MarioSabino

O hipogrifo

13.08.21

Enquanto Jair Bolsonaro desfilava tanques de fumaça contra ministros do STF na Praça dos Três Poderes, ministros do STF continuavam infatigáveis no seu trabalho de lançar uma cortina de fumaça sobre o Judiciário. Nesta semana ainda mais pitoresca do que o habitual, a Segunda Turma do tribunal confirmou uma decisão monocrática de Gilmar Mendes, proferida em abril, e anulou a ação penal aberta pela Lava Jato do Rio de Janeiro contra advogados acusados de desviar 151 milhões de reais da Fecomércio fluminense, para comprar sentenças no STJ e no TCU. No rol de investigados pelo suposto (“suposto” é uma palavra que insiste em me perseguir) esquema, estavam causídicos de Lula, os senhores Cristiano Zanin e Roberto Teixeira, da família Bolsonaro, o irrequieto Frederick Wassef, e o filho do presidente do STJ, o prodigioso Eduardo Martins, cujos talentos advocatícios o colocaram na capa da Crusoé. Uma plêiade.

Todo o material foi jogado no lixo: do recebimento da denúncia pelo juiz federal Marcelo Bretas aos mandados de busca de apreensão, executados pela PF em setembro de 2020. Provocada pela OAB, a Segunda Turma decidiu que o magistrado não tinha competência para julgar o caso e o enviou para a muito célere Justiça estadual do Rio de Janeiro.
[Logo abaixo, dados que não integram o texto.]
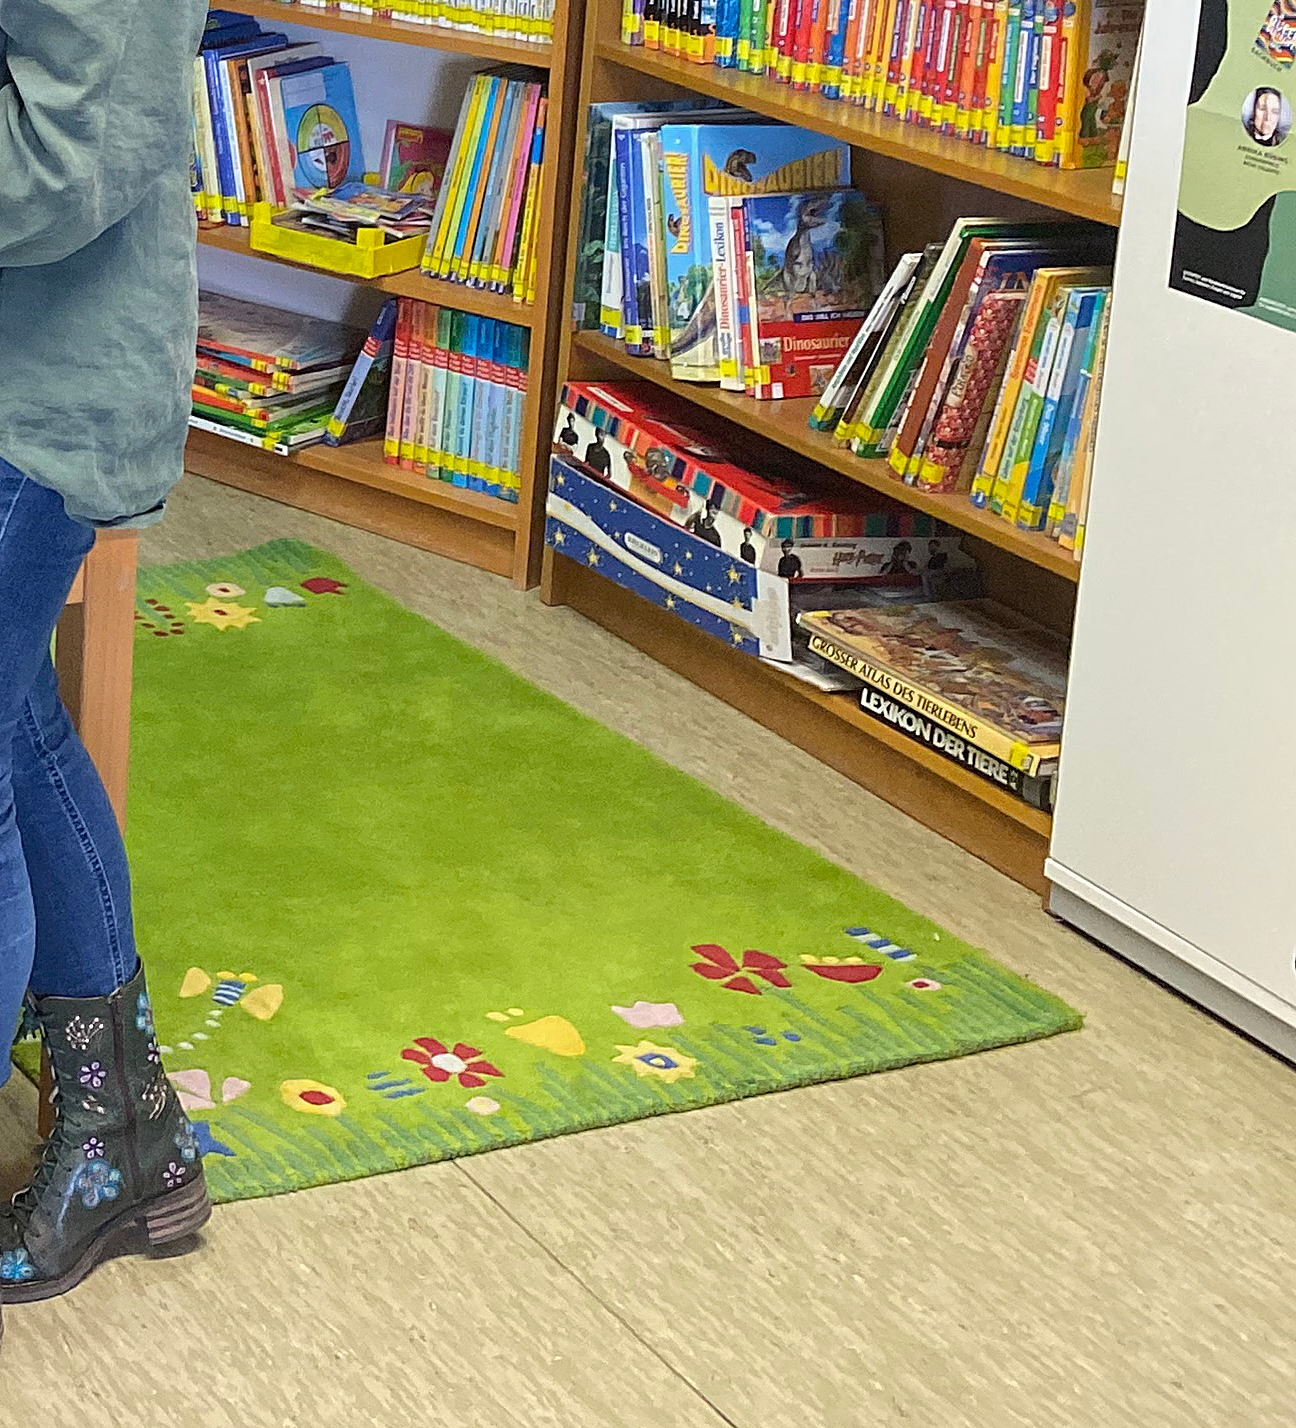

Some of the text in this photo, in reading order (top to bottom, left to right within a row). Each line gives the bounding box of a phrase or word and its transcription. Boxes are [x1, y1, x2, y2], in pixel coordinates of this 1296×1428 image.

[713, 222, 730, 330] Dinosaurier-Lexikon
[783, 335, 851, 352] Dinosaurier
[811, 635, 979, 739] GROSSER ATLAS DES TIERLEBENS
[861, 688, 1010, 784] LEXIKON DER TIERE
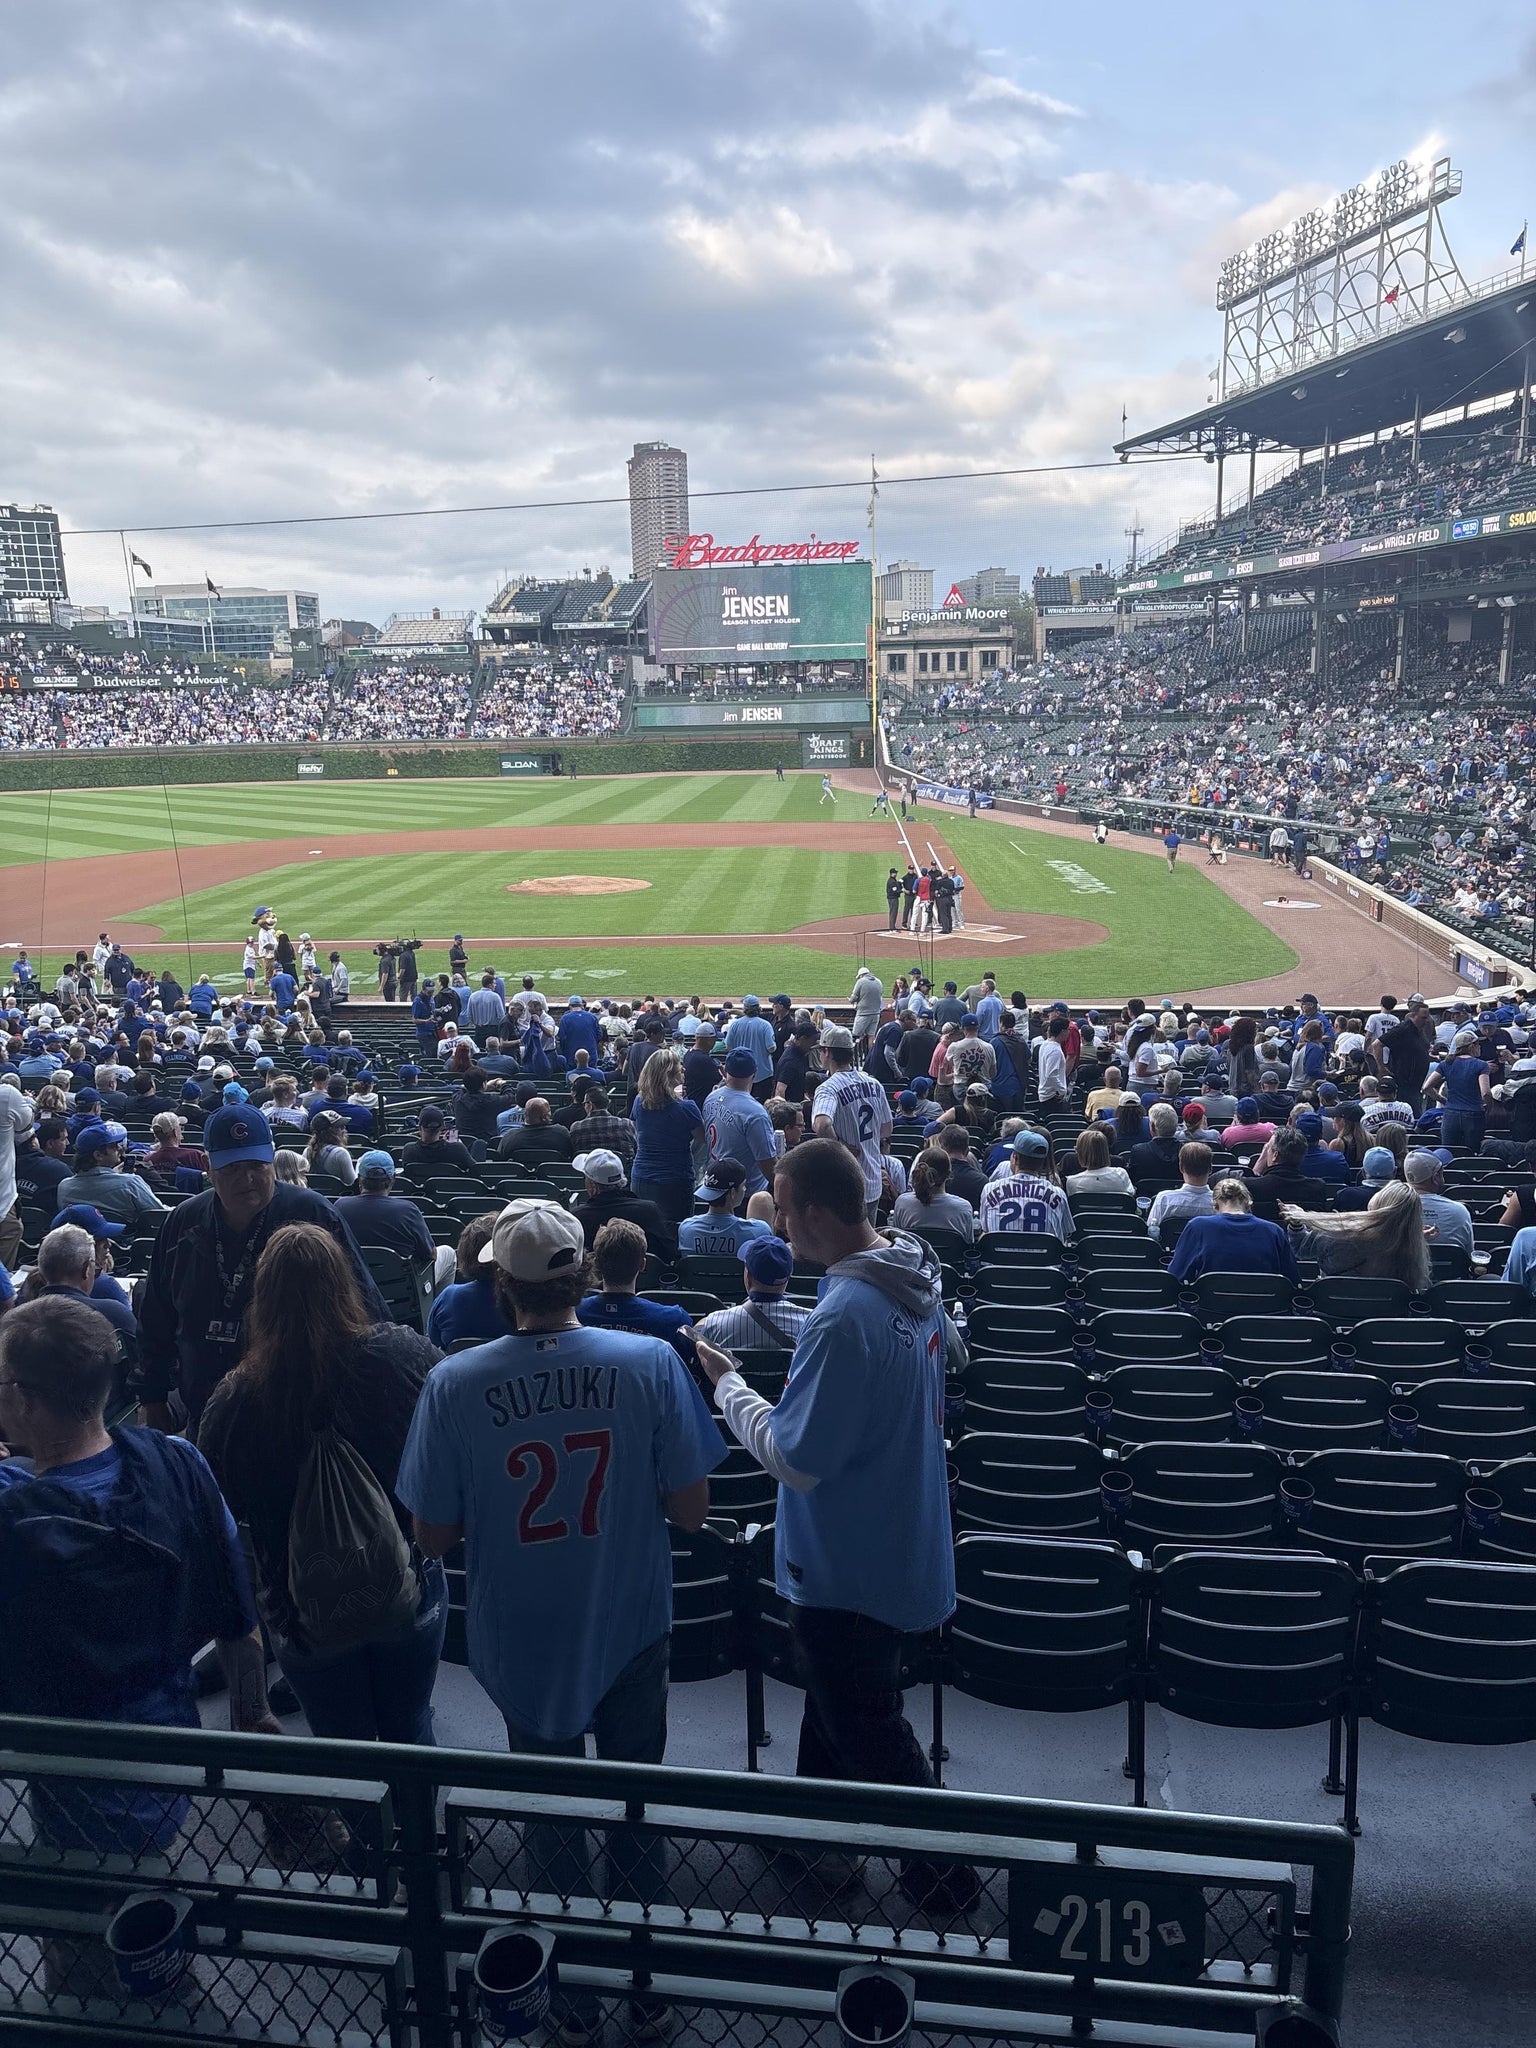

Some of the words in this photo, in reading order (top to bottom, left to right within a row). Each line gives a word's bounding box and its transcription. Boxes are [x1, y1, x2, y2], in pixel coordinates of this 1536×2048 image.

[1482, 524, 1500, 534] TOTAL
[1384, 533, 1417, 549] WRIGLEY
[1417, 528, 1440, 543] FIELD
[664, 533, 860, 568] Budweiser
[1236, 562, 1253, 575] JENSEN
[722, 586, 737, 596] Jim
[721, 595, 789, 618] JENSEN
[902, 607, 961, 624] Benjamin
[966, 608, 1008, 619] Moore
[736, 643, 751, 651] GAME
[764, 642, 789, 650] DELIVERY
[33, 676, 79, 684] GRAINGER
[187, 675, 229, 685] Advocate
[722, 712, 738, 722] Jim
[741, 707, 782, 721] JENSEN
[810, 739, 845, 748] DRAFT
[299, 764, 322, 773] Hefty
[501, 761, 538, 769] SLOAN
[838, 1082, 881, 1107] HOERNER
[858, 1104, 874, 1142] 2
[1367, 1110, 1412, 1126] SCHWARBER
[987, 1180, 1062, 1210] HENDRICKS
[999, 1201, 1047, 1232] 28
[694, 1236, 735, 1254] RIZZO
[484, 1366, 620, 1428] SUZUKI
[506, 1429, 612, 1545] 27
[1059, 1894, 1151, 1968] 213
[133, 1952, 165, 1970] Hefty
[511, 1989, 540, 2010] Hefty
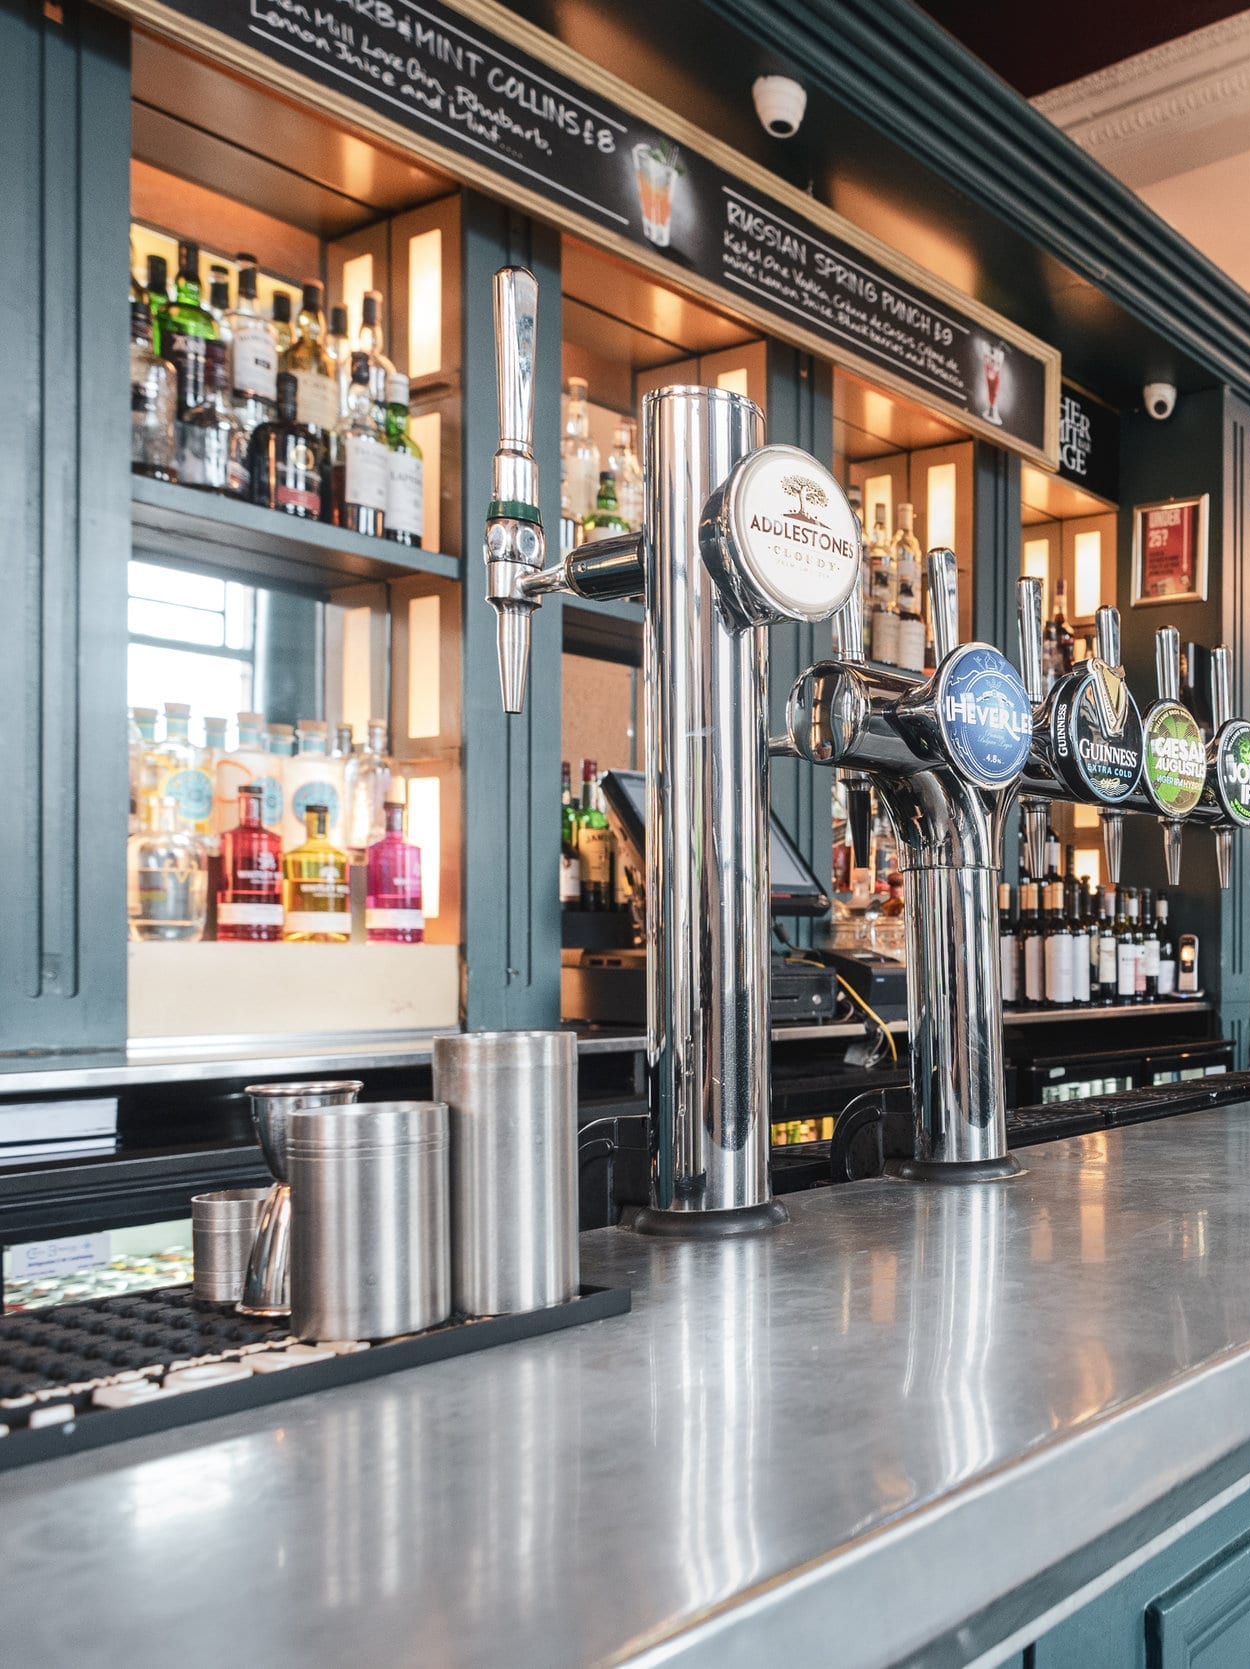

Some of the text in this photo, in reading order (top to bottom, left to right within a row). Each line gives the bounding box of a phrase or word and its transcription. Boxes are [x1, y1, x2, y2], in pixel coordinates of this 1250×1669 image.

O roteiro foi semelhante ao dos processos de Lula retirados da Justiça Federal de Curitiba.

Decisão tomada, Eduardo Martins enviou a seguinte nota a O Antagonista:

“O advogado Eduardo Martins sempre confiou na Justiça. No exercício da profissão, aprendeu a respeitar as decisões judiciais, obedecendo o devido processo legal. Acatou com resignação e serenidade, decisões equivocadas e até mesmo abusivas, pois sempre acreditou no reconhecimento dos seus direitos pela Suprema Corte do país. Eduardo Martins reforça que as liberdades civis, bem como as prerrogativas da advocacia, podem contar com um guardião atento e cuidadoso: o Poder Judiciário brasileiro.”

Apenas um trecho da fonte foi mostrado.